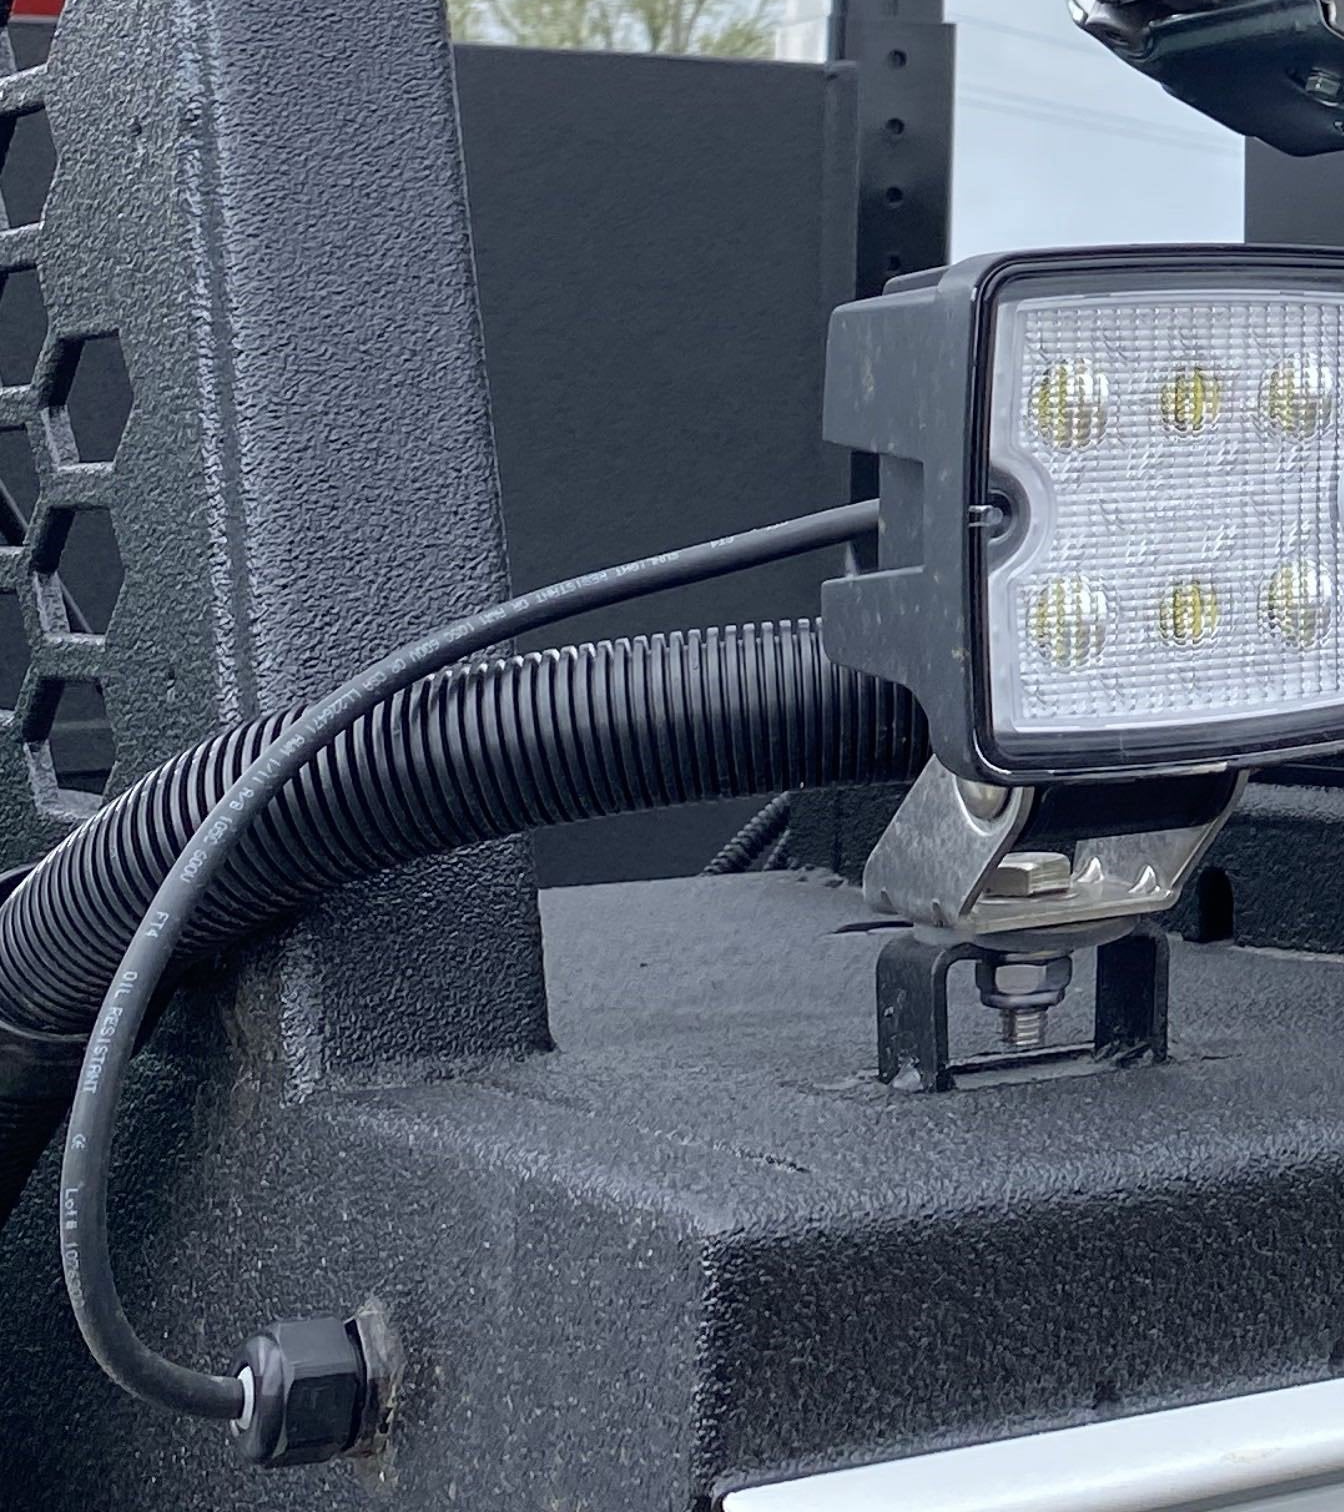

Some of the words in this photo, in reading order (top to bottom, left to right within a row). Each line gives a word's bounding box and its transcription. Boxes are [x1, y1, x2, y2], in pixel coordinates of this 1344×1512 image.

[537, 571, 608, 604] RESISTANT
[145, 911, 169, 938] FT4
[114, 970, 138, 999] OIL
[83, 1006, 123, 1095] RESISTANT
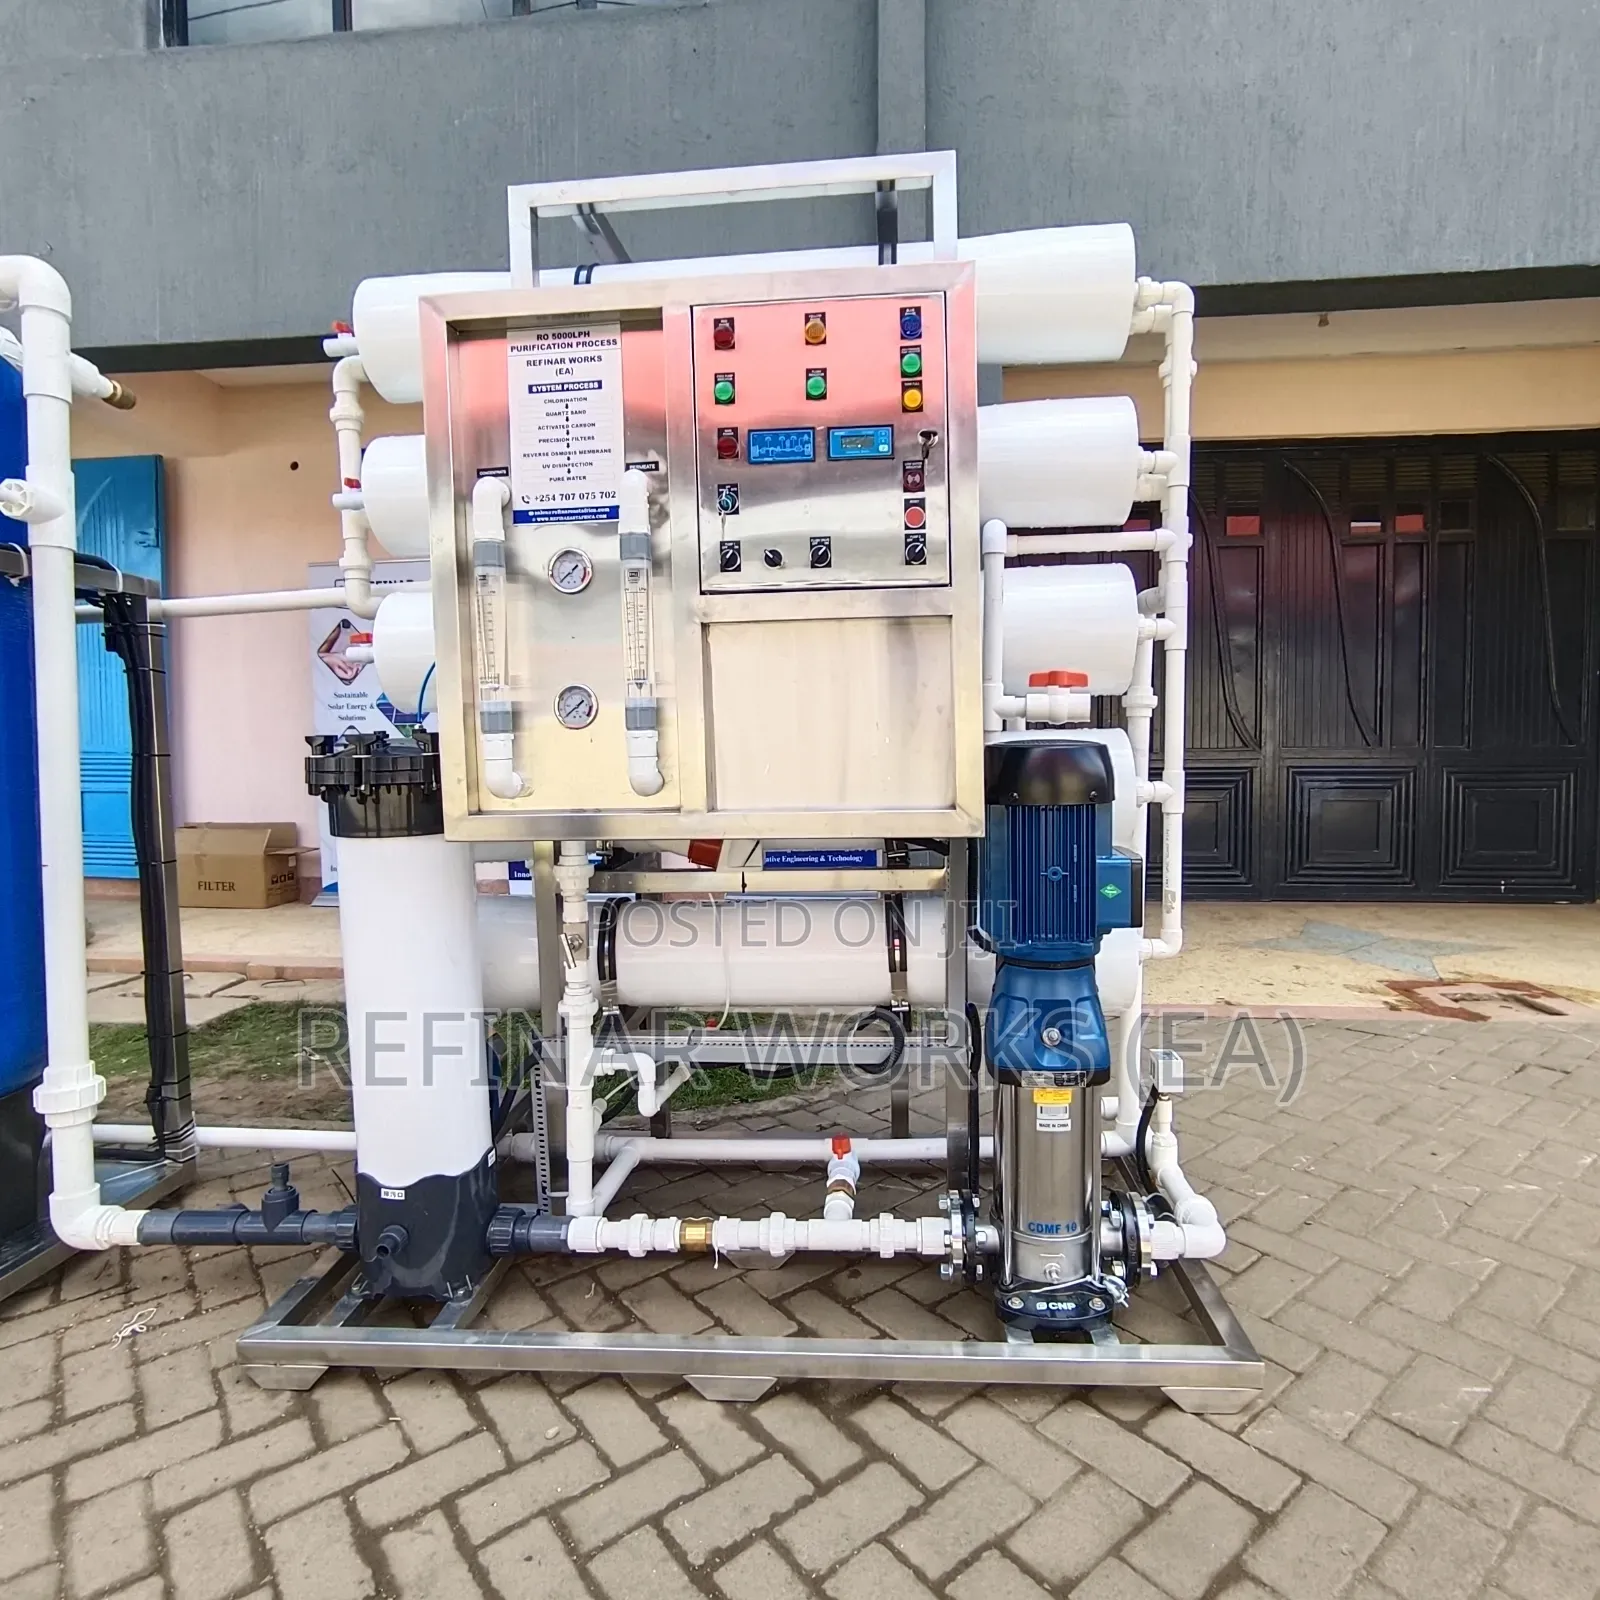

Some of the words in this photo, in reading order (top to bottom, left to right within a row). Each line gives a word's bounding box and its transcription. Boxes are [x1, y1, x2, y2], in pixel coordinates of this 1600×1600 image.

[536, 333, 549, 341] RO
[552, 330, 590, 339] 5000LPH
[510, 342, 573, 352] PURIFICATION
[576, 338, 618, 348] PROCESS
[526, 358, 566, 367] REFINAR
[568, 355, 603, 363] WORKS
[555, 367, 574, 377] (EA)
[532, 383, 562, 393] SYSTEM
[563, 381, 598, 390] PROCESS
[534, 494, 556, 502] +254
[579, 492, 596, 500] 075
[599, 491, 617, 499] 702
[827, 855, 863, 863] Technology
[198, 880, 236, 892] FILTER
[1028, 1222, 1061, 1234] CDMF
[1065, 1221, 1077, 1232] 10
[1048, 1302, 1076, 1310] CNP
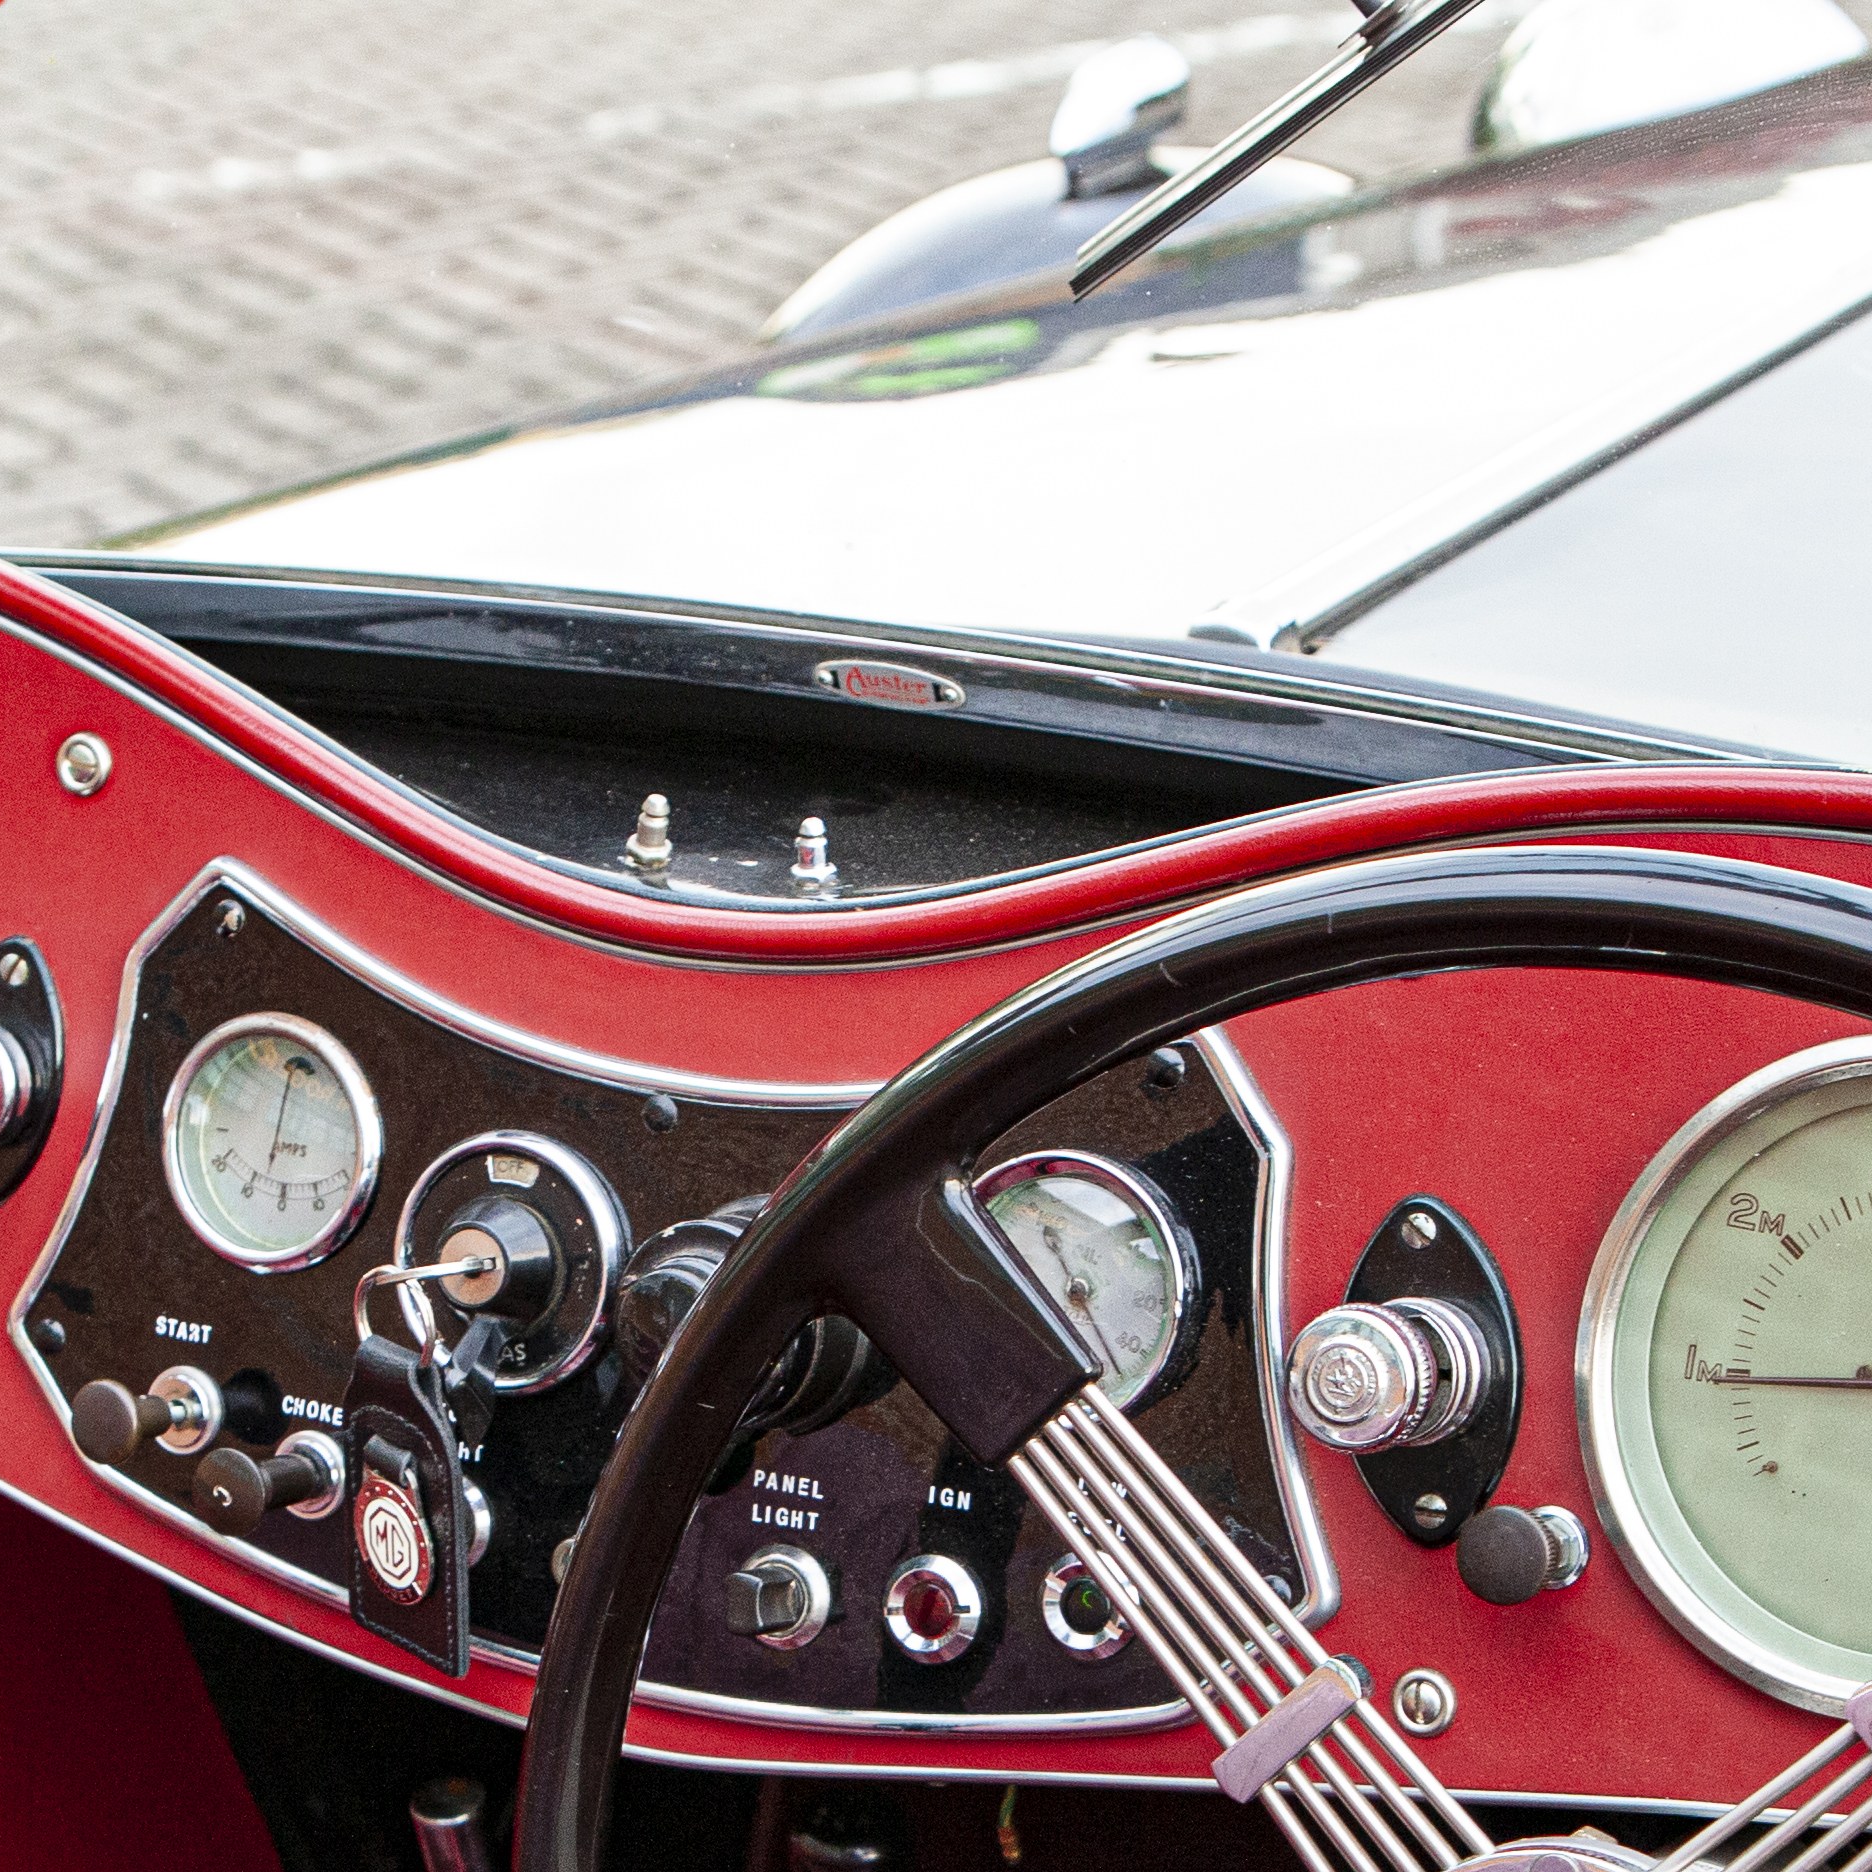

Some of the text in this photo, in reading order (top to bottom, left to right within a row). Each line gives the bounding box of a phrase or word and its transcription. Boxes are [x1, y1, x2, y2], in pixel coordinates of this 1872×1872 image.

[1727, 1192, 1785, 1237] 2M
[155, 1315, 213, 1344] START
[281, 1394, 344, 1427] CHOKE
[753, 1469, 825, 1500] PANEL
[928, 1485, 972, 1511] IGN
[751, 1503, 820, 1530] LIGHT
[375, 1519, 405, 1569] MG

-------------------------

* _Problem statement_: Please copy exactly, and only, the lines from the one that contains "this 1600×1600 image." through the last line of the data above, omitting all pictures.

* _Solution to this task_:
Some of the words in this photo, in reading order (top to bottom, left to right within a row). Each line gives a word's bounding box and its transcription. Boxes are [x1, y1, x2, y2], in pixel coordinates of this 1600×1600 image.

[536, 333, 549, 341] RO
[552, 330, 590, 339] 5000LPH
[510, 342, 573, 352] PURIFICATION
[576, 338, 618, 348] PROCESS
[526, 358, 566, 367] REFINAR
[568, 355, 603, 363] WORKS
[555, 367, 574, 377] (EA)
[532, 383, 562, 393] SYSTEM
[563, 381, 598, 390] PROCESS
[534, 494, 556, 502] +254
[579, 492, 596, 500] 075
[599, 491, 617, 499] 702
[827, 855, 863, 863] Technology
[198, 880, 236, 892] FILTER
[1028, 1222, 1061, 1234] CDMF
[1065, 1221, 1077, 1232] 10
[1048, 1302, 1076, 1310] CNP

Some of the text in this photo, in reading order (top to bottom, left to right within a row). Each line gives the bounding box of a phrase or word and its transcription. Boxes are [x1, y1, x2, y2], in pixel coordinates of this 1872×1872 image.

[1727, 1192, 1785, 1237] 2M
[155, 1315, 213, 1344] START
[281, 1394, 344, 1427] CHOKE
[753, 1469, 825, 1500] PANEL
[928, 1485, 972, 1511] IGN
[751, 1503, 820, 1530] LIGHT
[375, 1519, 405, 1569] MG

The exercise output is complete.